= TASK DESCRIPTION =
In the copy, keep every record exact and leave out all images.

** Opening GIVEN INFORMATION block **

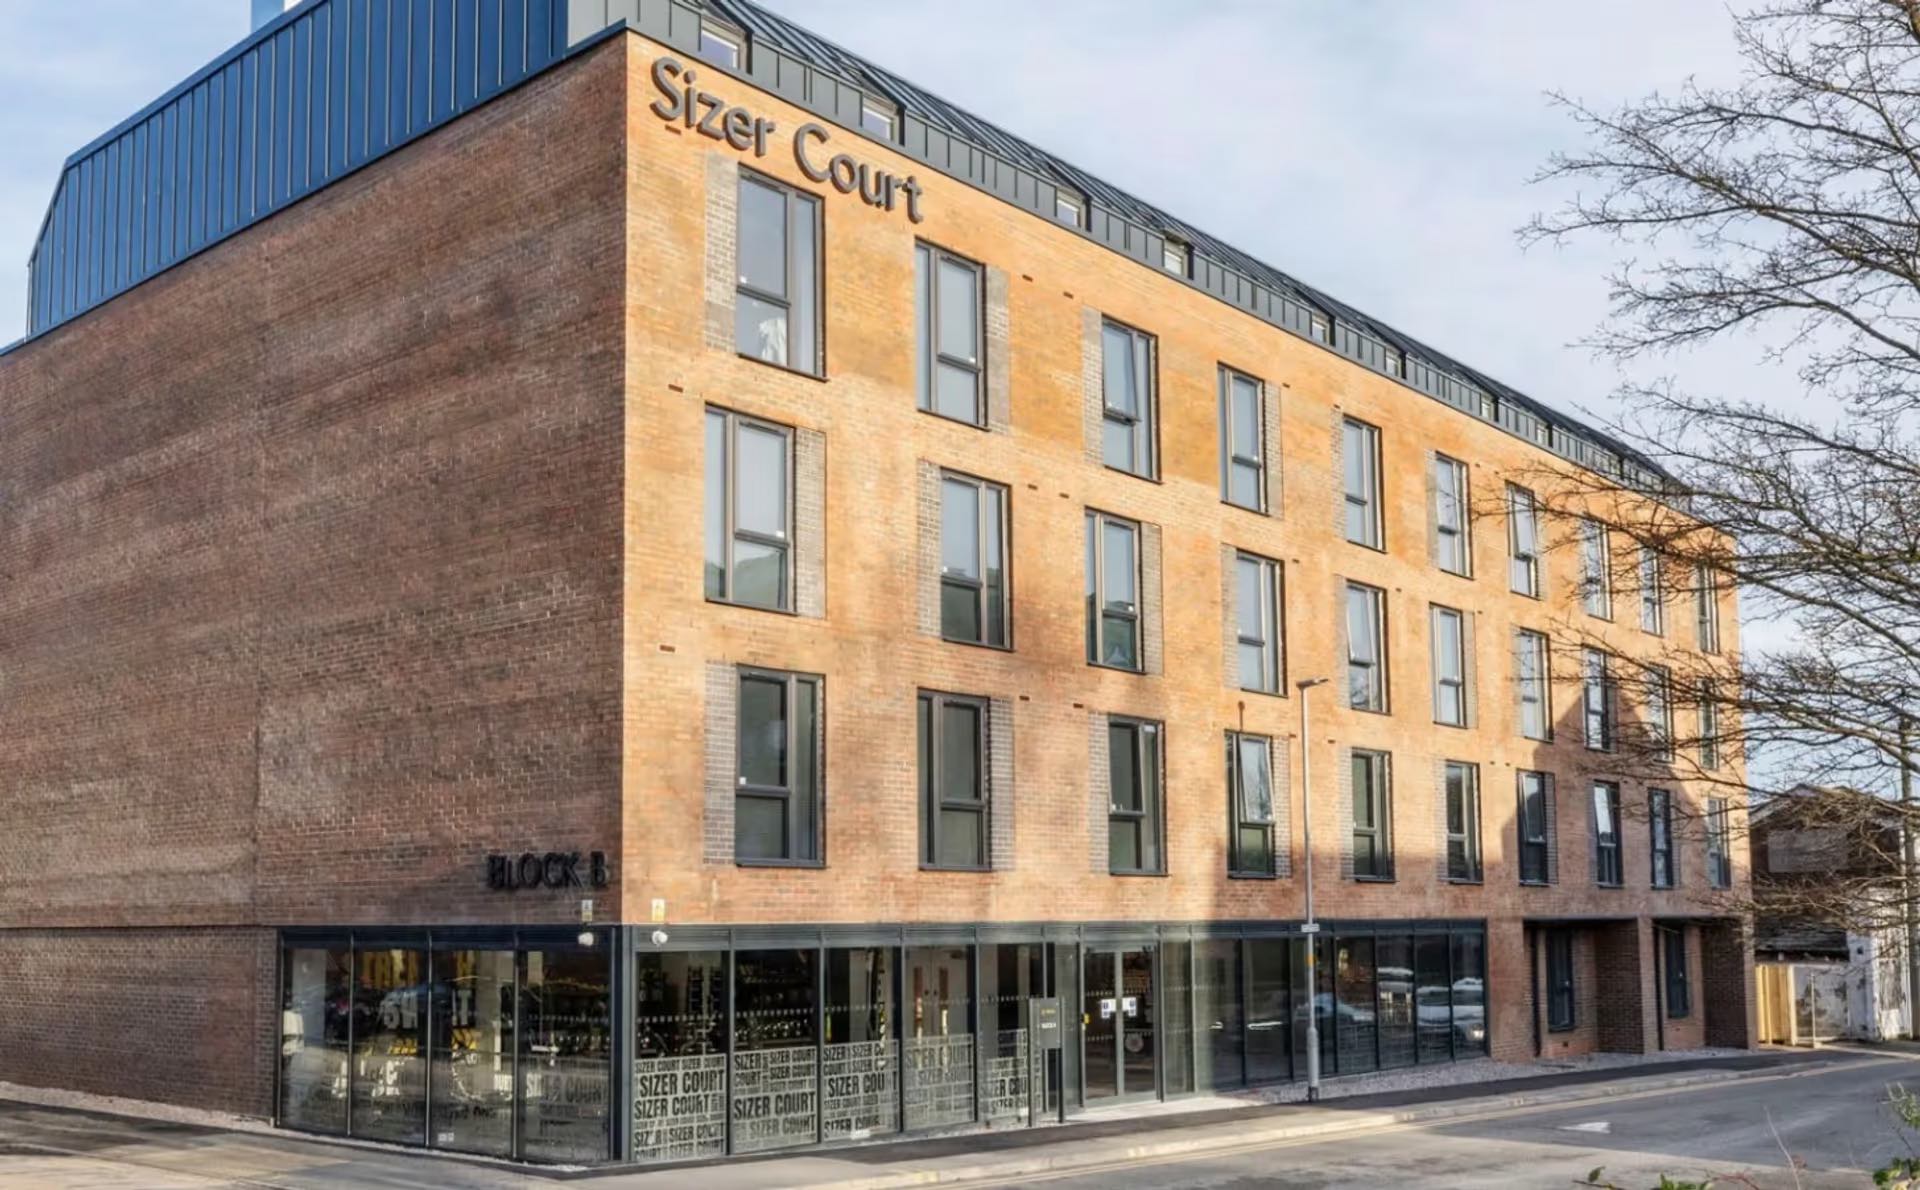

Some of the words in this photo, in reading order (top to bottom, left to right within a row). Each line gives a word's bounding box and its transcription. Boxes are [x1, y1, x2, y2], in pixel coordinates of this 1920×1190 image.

[650, 57, 775, 158] Sizer
[794, 122, 923, 224] Court
[487, 851, 582, 889] BLOCK
[590, 851, 610, 889] B
[639, 1073, 678, 1098] SIZER
[682, 1069, 725, 1095] COURT
[827, 1076, 860, 1098] SIZER
[862, 1071, 898, 1094] COUT
[634, 1097, 668, 1121] SIZER
[672, 1094, 710, 1116] COURT
[734, 1096, 771, 1121] SIZER
[775, 1091, 816, 1117] COURT

** Closing GIVEN INFORMATION block **

= TASK OUTPUT =
Some of the words in this photo, in reading order (top to bottom, left to right within a row). Each line gives a word's bounding box and its transcription. Boxes are [x1, y1, x2, y2], in pixel coordinates of this 1920×1190 image.

[650, 57, 775, 158] Sizer
[794, 122, 923, 224] Court
[487, 851, 582, 889] BLOCK
[590, 851, 610, 889] B
[639, 1073, 678, 1098] SIZER
[682, 1069, 725, 1095] COURT
[827, 1076, 860, 1098] SIZER
[862, 1071, 898, 1094] COUT
[634, 1097, 668, 1121] SIZER
[672, 1094, 710, 1116] COURT
[734, 1096, 771, 1121] SIZER
[775, 1091, 816, 1117] COURT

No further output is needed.